Mar 9
I Don’t Want To
Mt 5:44 But I say unto you, Love your enemies
Here in Matthew chapter five we have
the words that Jesus taught during the Sermon on the Mount. The chapter starts
with those wonderful verses of the Beatitudes. Blessed are the meek, blessed
are the poor in spirit, blessed are the merciful, etc. This portion of scripture
is wonderful to read. Try to picture Christ teaching on the mountain as the
multitude gathers to hear Him speak these wonderful words. The promises we hear are comforting and
reassuring. But then we come to verse
44!
Love
your enemies? Why? How? They don’t
deserve any love. The only kind of love I want to show them is what I would
love to do to them. Maybe we can just skip this verse? Maybe it was translated badly. Did Christ
really mean we should love the people we would prefer to hate?
Let’s look at the whole verse to see
exactly what it is saying.
Mt 5:44 But I say unto you, Love your enemies, bless them
that curse you, do good to them that hate you, and pray for them which
despitefully use you, and persecute you;
If you are using an NIV, Jehovah Witness Bible, New American
Standard, or a Living Bible you will find the verse reads as follows.
Mt 5:44 But I say
to you, Love your enemies and
pray for those who
persecute you,
I am using the King James and did
not want to confuse you if you are using a translation based on a different
Greek text than the King James was. In Studies in the Sermon on the Mount
Martin Loyd-Jones mentions the difference in translations on pg 299 and wrote “I
think it is best to take the teaching in the Authorized Version.” (King James)

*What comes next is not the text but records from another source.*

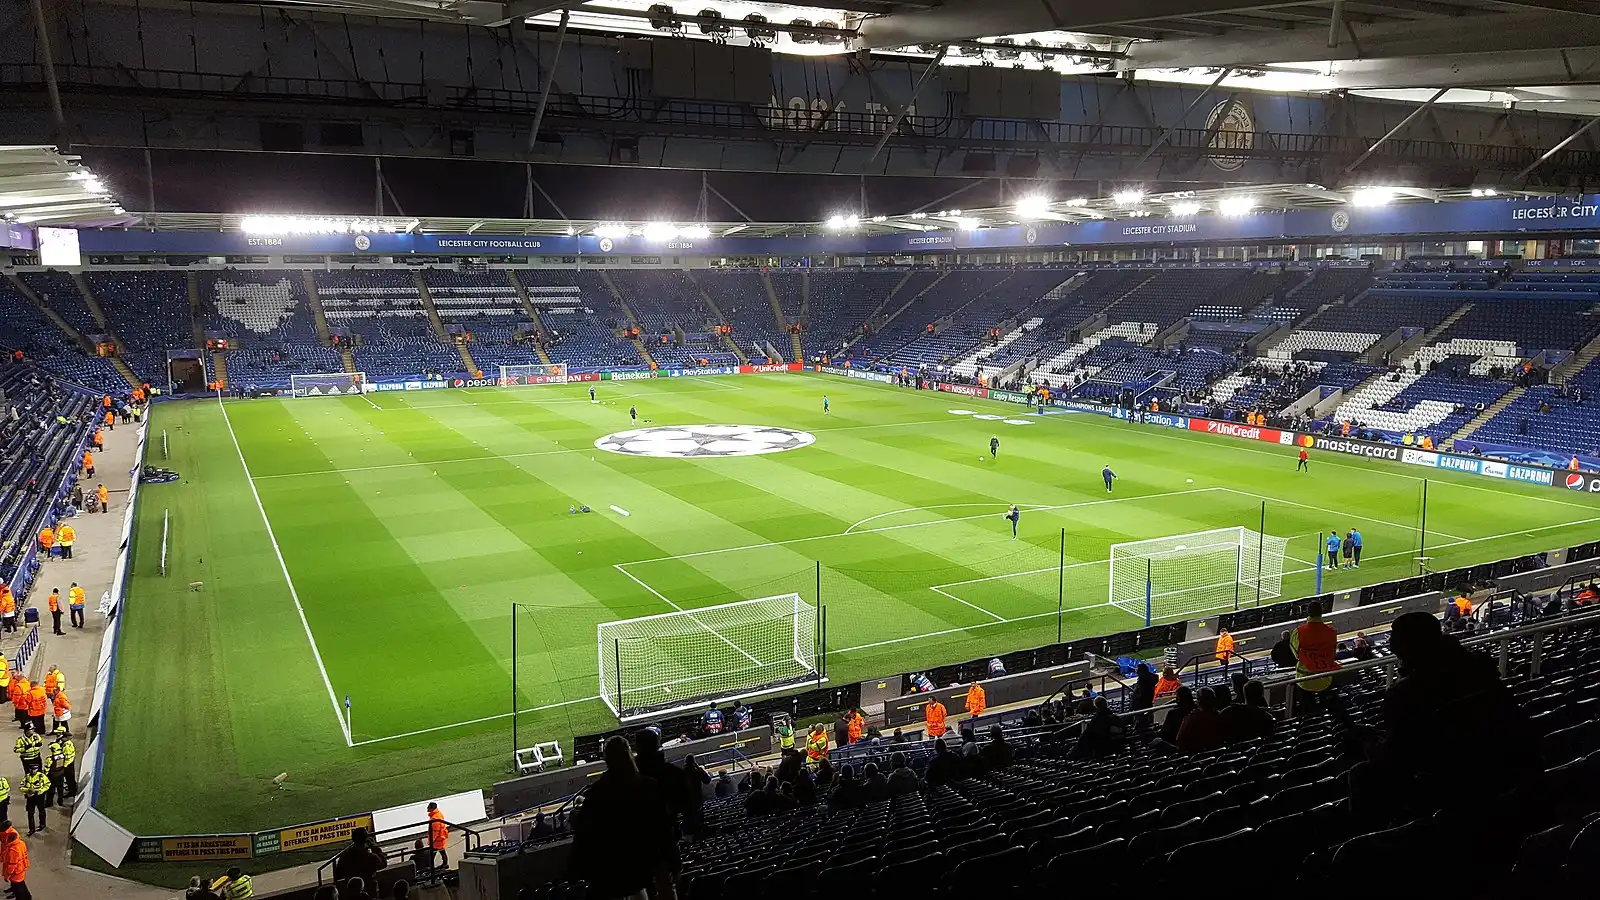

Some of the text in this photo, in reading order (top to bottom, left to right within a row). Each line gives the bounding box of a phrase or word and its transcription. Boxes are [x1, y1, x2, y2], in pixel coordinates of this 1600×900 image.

[1571, 205, 1598, 217] CITY
[1122, 224, 1197, 235] LEICESTER CITY STADIUM
[489, 240, 523, 248] FOOTBALL
[682, 367, 721, 376] PlayStation
[759, 363, 789, 372] UniCredit
[821, 366, 848, 376] mastercard
[546, 374, 581, 384] NISSAN
[611, 371, 650, 380] Heineken
[467, 377, 495, 387] pepsi
[951, 385, 975, 396] NISSAN
[993, 391, 1008, 402] Enjoy
[1066, 401, 1095, 411] CHAMPIONS
[1217, 423, 1260, 439] UniCredit
[1316, 438, 1398, 460] mastercard
[1440, 456, 1478, 472] GAZPROM
[1509, 469, 1551, 484] GAZPROM
[320, 821, 357, 832] ARRESTABLE
[201, 840, 236, 848] ARRESTABLE
[284, 837, 309, 847] OFFENCE
[319, 832, 335, 841] PASS
[336, 830, 350, 838] THIS
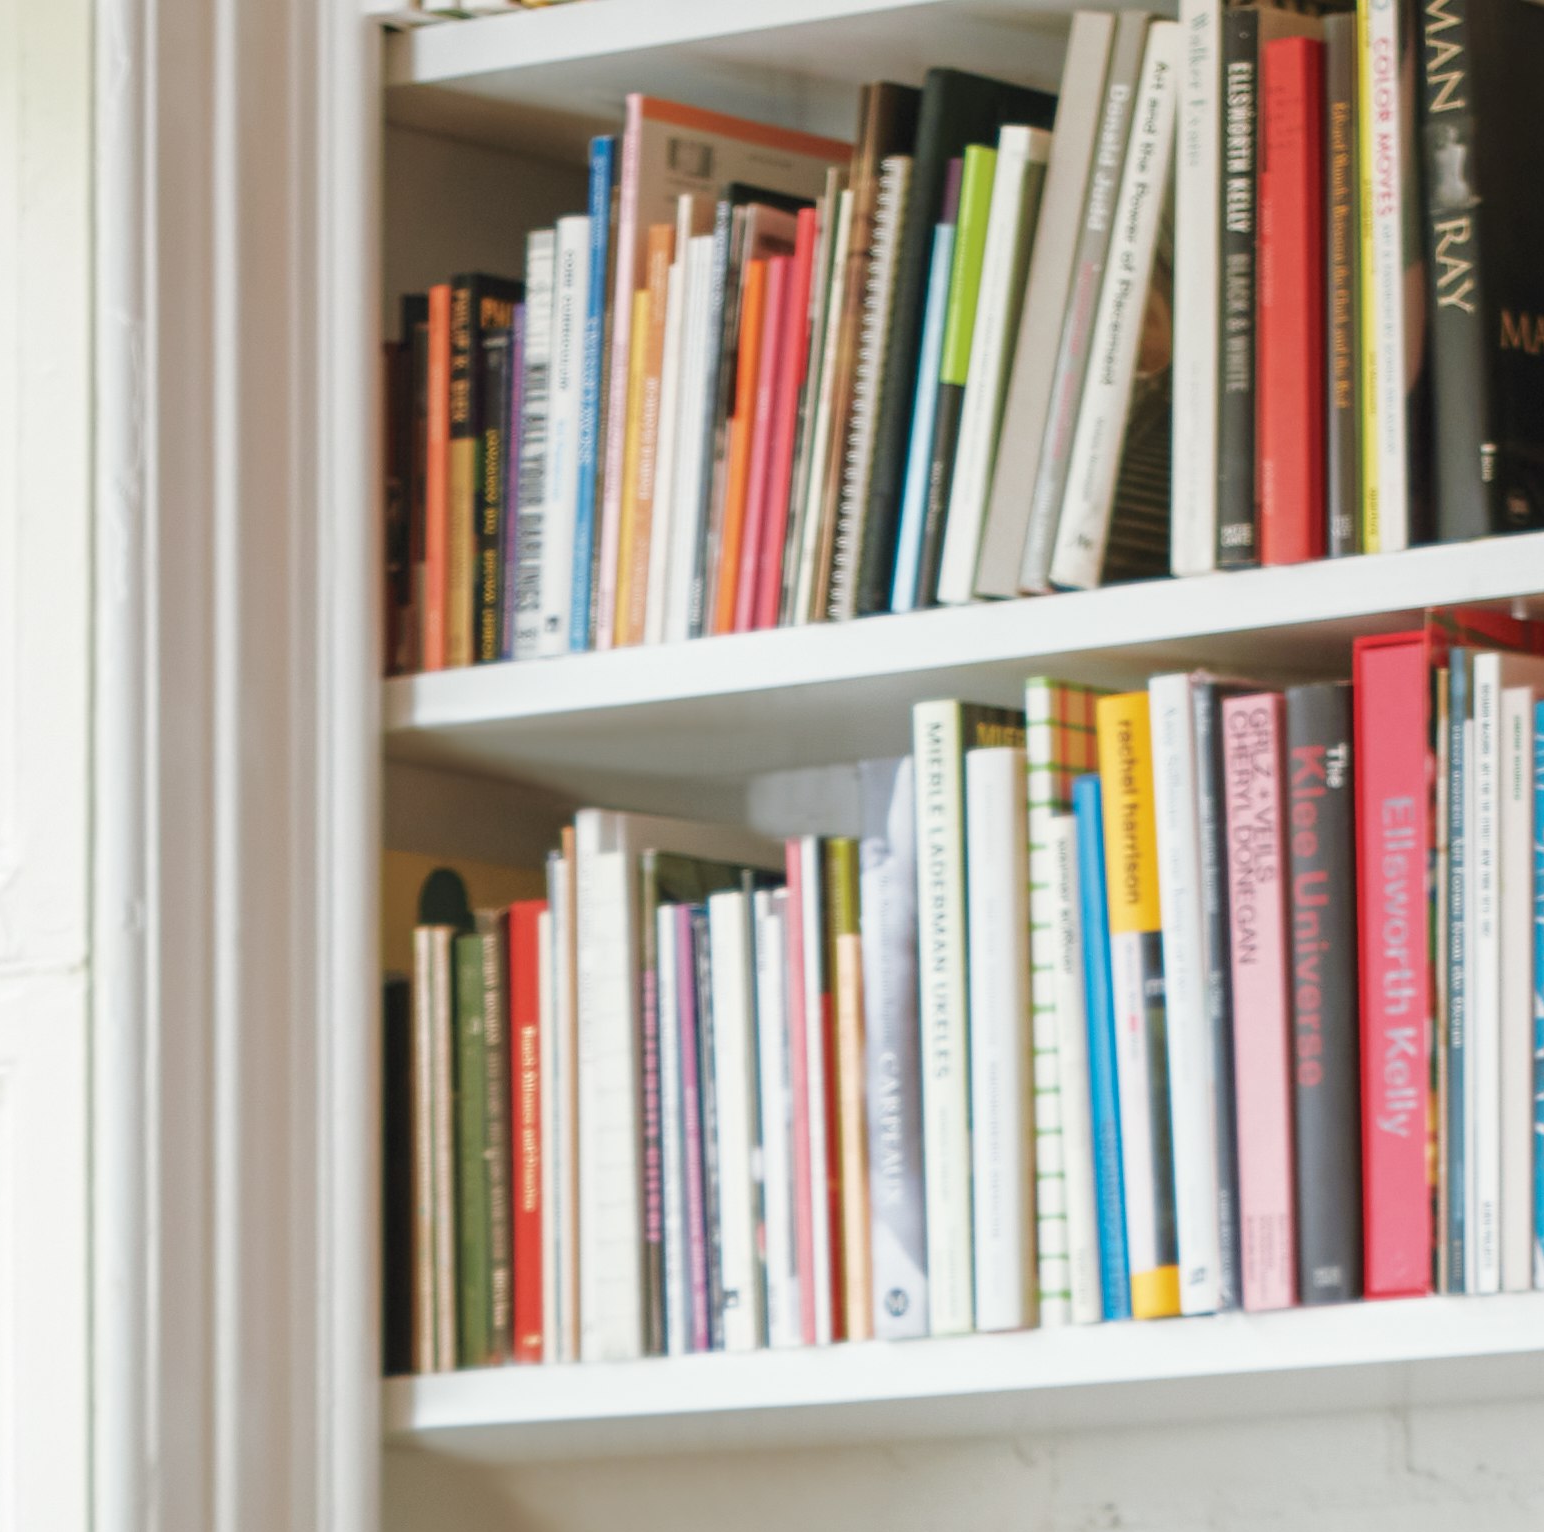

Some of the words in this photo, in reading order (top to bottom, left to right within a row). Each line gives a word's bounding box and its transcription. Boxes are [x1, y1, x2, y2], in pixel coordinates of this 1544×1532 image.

[1151, 60, 1170, 91] Art
[1373, 37, 1393, 123] COLOR
[1425, 0, 1468, 114] MAN
[1094, 83, 1130, 167] Donald
[1137, 141, 1157, 172] the
[1145, 96, 1164, 135] and
[1227, 62, 1256, 174] ELLSWORTH
[1085, 171, 1116, 230] Judd
[1121, 182, 1150, 242] Power
[1225, 178, 1252, 233] KELLY
[1375, 133, 1395, 216] MOVES
[1118, 250, 1139, 273] of
[1225, 253, 1250, 313] BLACK
[1433, 216, 1475, 314] RAY
[1098, 279, 1138, 386] Placement
[1116, 718, 1144, 796] rachel
[1228, 711, 1251, 816] CHERYL
[1249, 709, 1272, 780] GRLZ
[1325, 744, 1347, 788] The
[1290, 746, 1327, 858] Klee
[1122, 802, 1145, 906] harrison
[1256, 807, 1276, 883] VEILS
[1233, 825, 1257, 966] DONEGAN
[1381, 797, 1419, 1016] Ellsworth
[1294, 871, 1332, 1087] Universe
[1376, 1027, 1424, 1138] Kelly

The reason Christ mentions loving your enemies was to combat the
teaching of the Pharisees. They taught that all Jews were your neighbor and all
non-Jews were your enemy. Non-Jews were gentile “dogs”. It was your right and
your duty to hate them. Now why would
the Pharisees teach such a thing? There is no place in the Old Testament that
says love your neighbor and hate your enemies. That teaching is simply not in
the Old Testament. That was why in verse 43 Christ reminded his listeners that “it
has been said”.
Mt 5:43 ¶ "You have heard that it was said,
'You shall love your neighbor and hate your enemy.'
One
Sunday we had a visiting missionary who worked in a very difficult field. He
explained how he had grown to love the very people most would have been
repulsed by. He closed the service with a haunting question “Who are the
unlovely to you?” My wife and I could
easily agree that the unloveliest people
were those kids in the back rows. The Holy Spirit worked in our hearts and long
story short we reluctantly became the youth leaders in our church. We learned
to love those kids and it became 4 fantastic wonderful years until a new job
required us to leave the area. Now nearly 50 years later we still hear from
them and enjoy great memories together.
I have not explained how you
can love your enemies. Perhaps another time. But I can tell you from personal
experience that it is possible to love those you find to be “unlovely”. The Bible asks if you only love people who
love you, how are you any different from anyone else. That is what happens all
over, people love one another. But
Christians can love people who do not love them.
The devotional thought for you to meditate
on is “Who are the unlovely to you?” And
what will you do to change that?
Mt 5:46 For if ye love them which love you, what
reward have ye? do not even the publicans the same?